WHAT THIS TASK INVOLVES: Every record should be restated exactly, with no images included.

RECORD EXTRACTS:
--------------------------------------------------

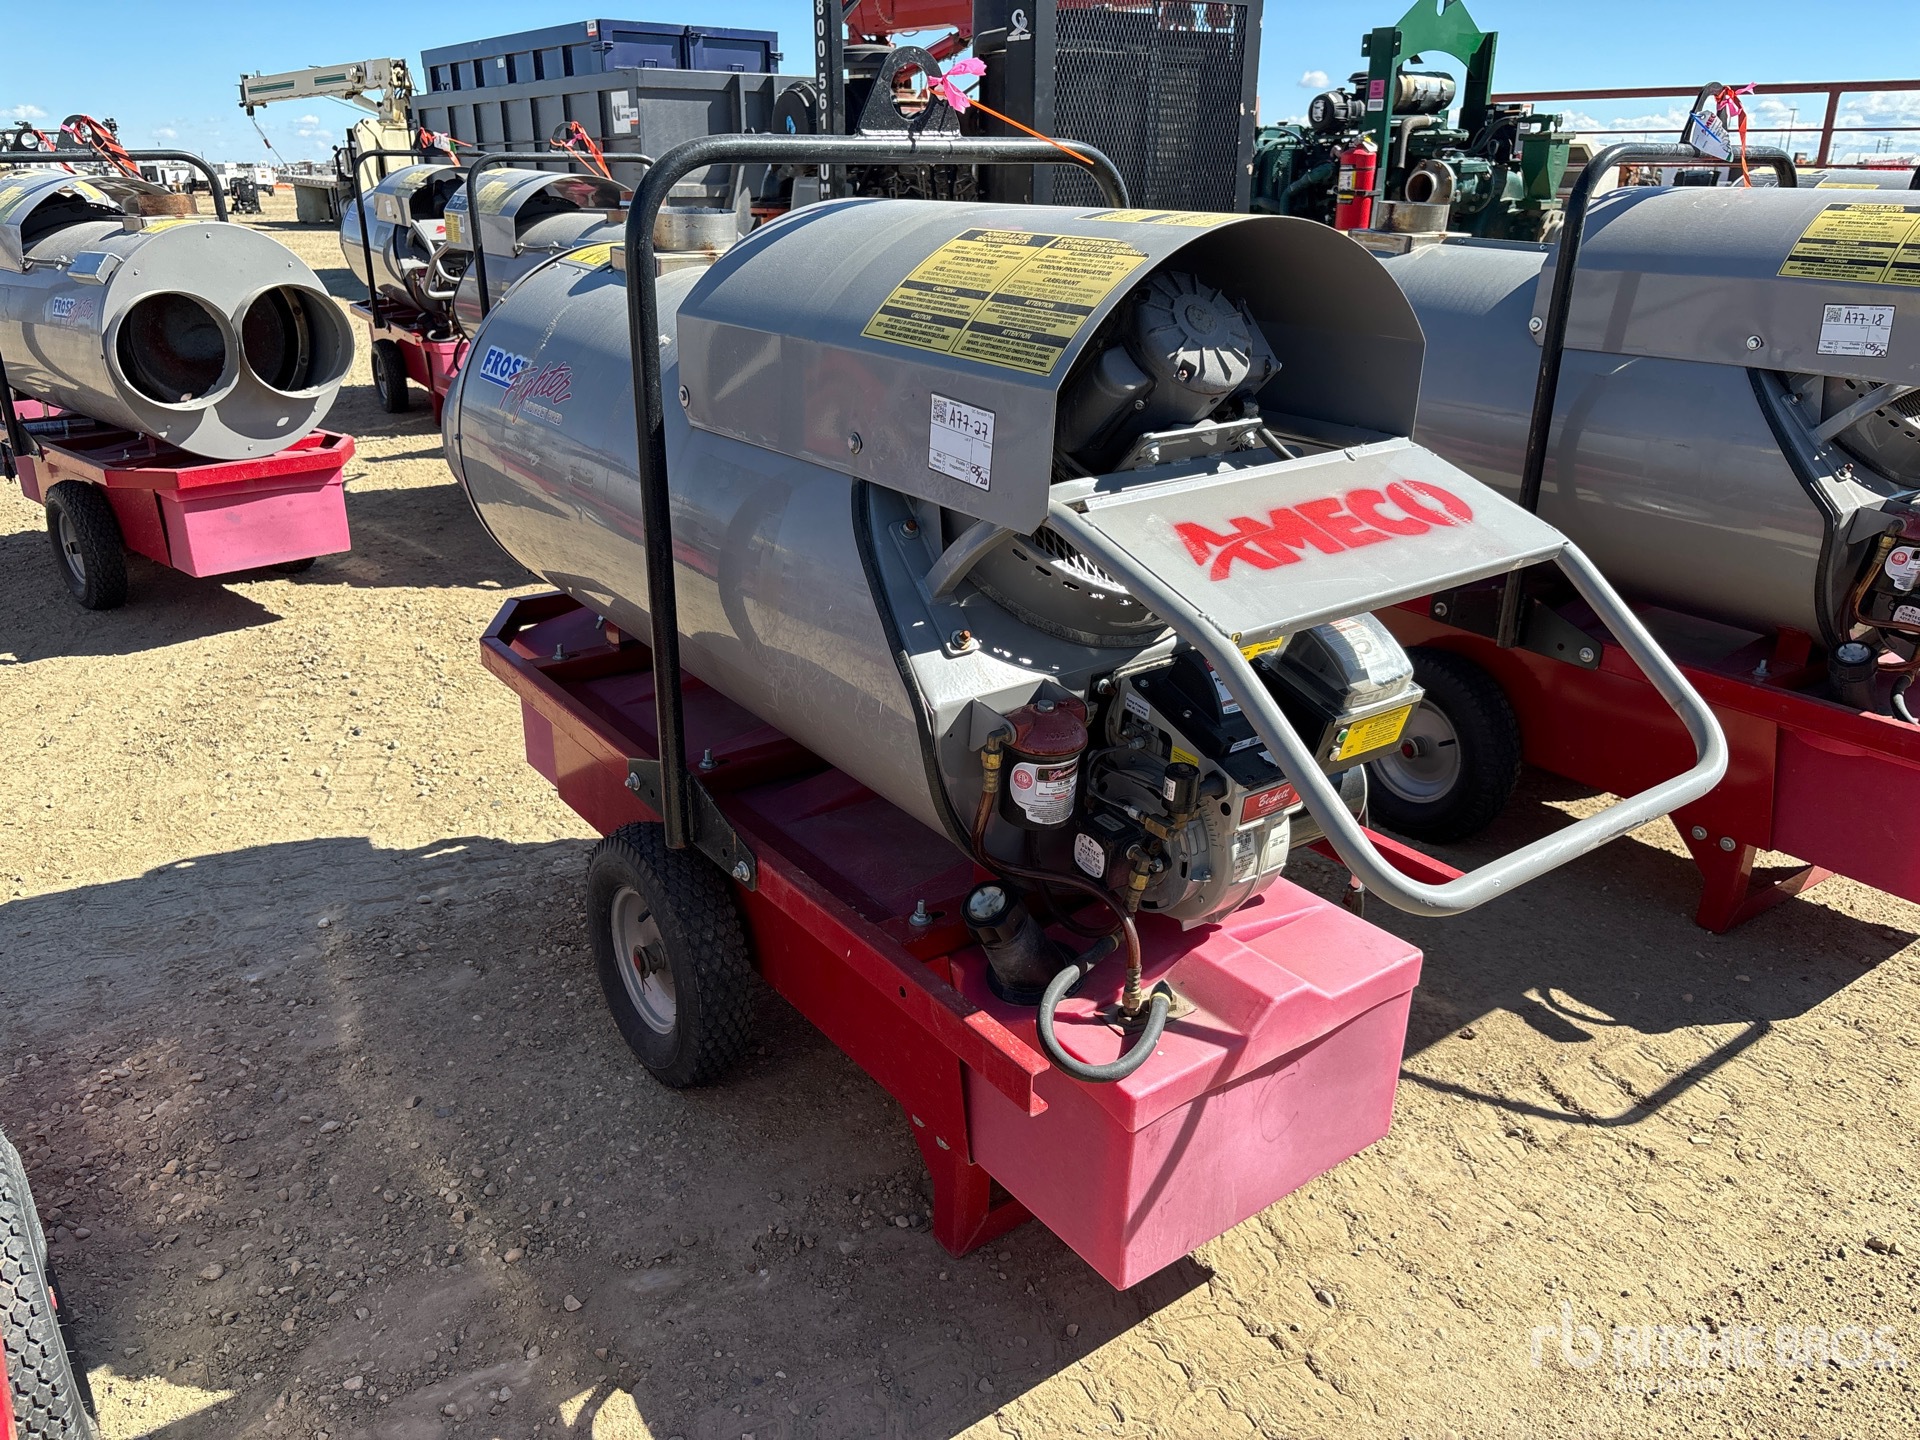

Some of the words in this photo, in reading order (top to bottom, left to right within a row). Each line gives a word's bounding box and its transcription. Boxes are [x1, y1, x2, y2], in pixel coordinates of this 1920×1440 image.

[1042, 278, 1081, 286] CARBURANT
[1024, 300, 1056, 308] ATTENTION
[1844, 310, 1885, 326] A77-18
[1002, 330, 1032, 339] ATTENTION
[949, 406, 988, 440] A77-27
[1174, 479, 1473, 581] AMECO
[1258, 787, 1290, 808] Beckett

--------------------------------------------------

RESPONSE TO THE EXERCISE:
Some of the words in this photo, in reading order (top to bottom, left to right within a row). Each line gives a word's bounding box and its transcription. Boxes are [x1, y1, x2, y2], in pixel coordinates of this 1920×1440 image.

[1042, 278, 1081, 286] CARBURANT
[1024, 300, 1056, 308] ATTENTION
[1844, 310, 1885, 326] A77-18
[1002, 330, 1032, 339] ATTENTION
[949, 406, 988, 440] A77-27
[1174, 479, 1473, 581] AMECO
[1258, 787, 1290, 808] Beckett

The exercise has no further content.